STORED DATA
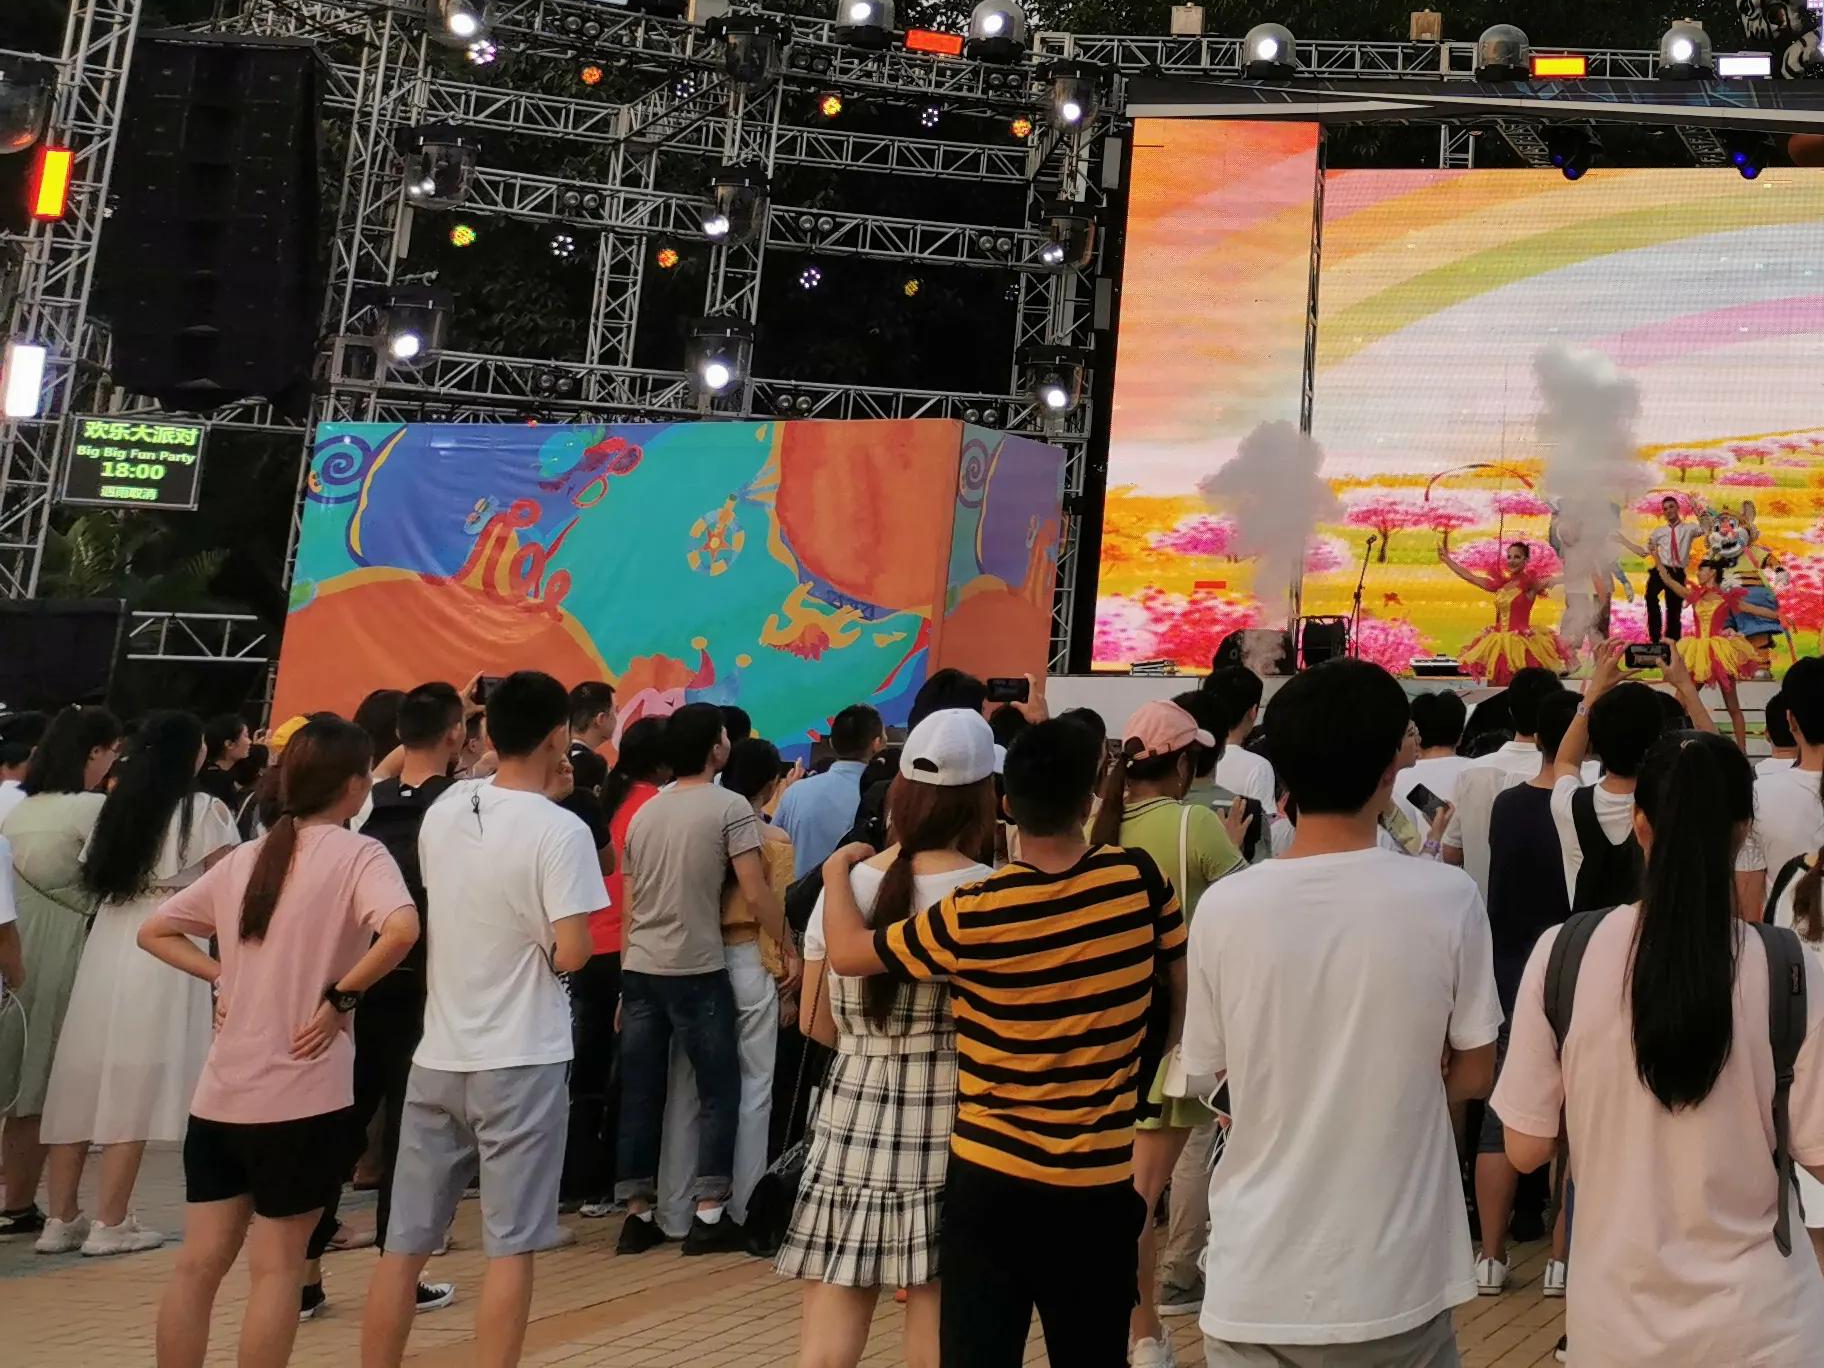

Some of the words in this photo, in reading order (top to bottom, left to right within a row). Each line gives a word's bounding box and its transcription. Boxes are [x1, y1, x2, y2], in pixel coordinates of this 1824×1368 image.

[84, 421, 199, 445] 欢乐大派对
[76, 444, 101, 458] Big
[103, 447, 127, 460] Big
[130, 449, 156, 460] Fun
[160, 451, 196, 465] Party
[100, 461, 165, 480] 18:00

WHAT IS NEEDED
Repeat each line above exactly. The pictures stay out.

EXERCISE SOLUTION
Some of the words in this photo, in reading order (top to bottom, left to right within a row). Each line gives a word's bounding box and its transcription. Boxes are [x1, y1, x2, y2], in pixel coordinates of this 1824×1368 image.

[84, 421, 199, 445] 欢乐大派对
[76, 444, 101, 458] Big
[103, 447, 127, 460] Big
[130, 449, 156, 460] Fun
[160, 451, 196, 465] Party
[100, 461, 165, 480] 18:00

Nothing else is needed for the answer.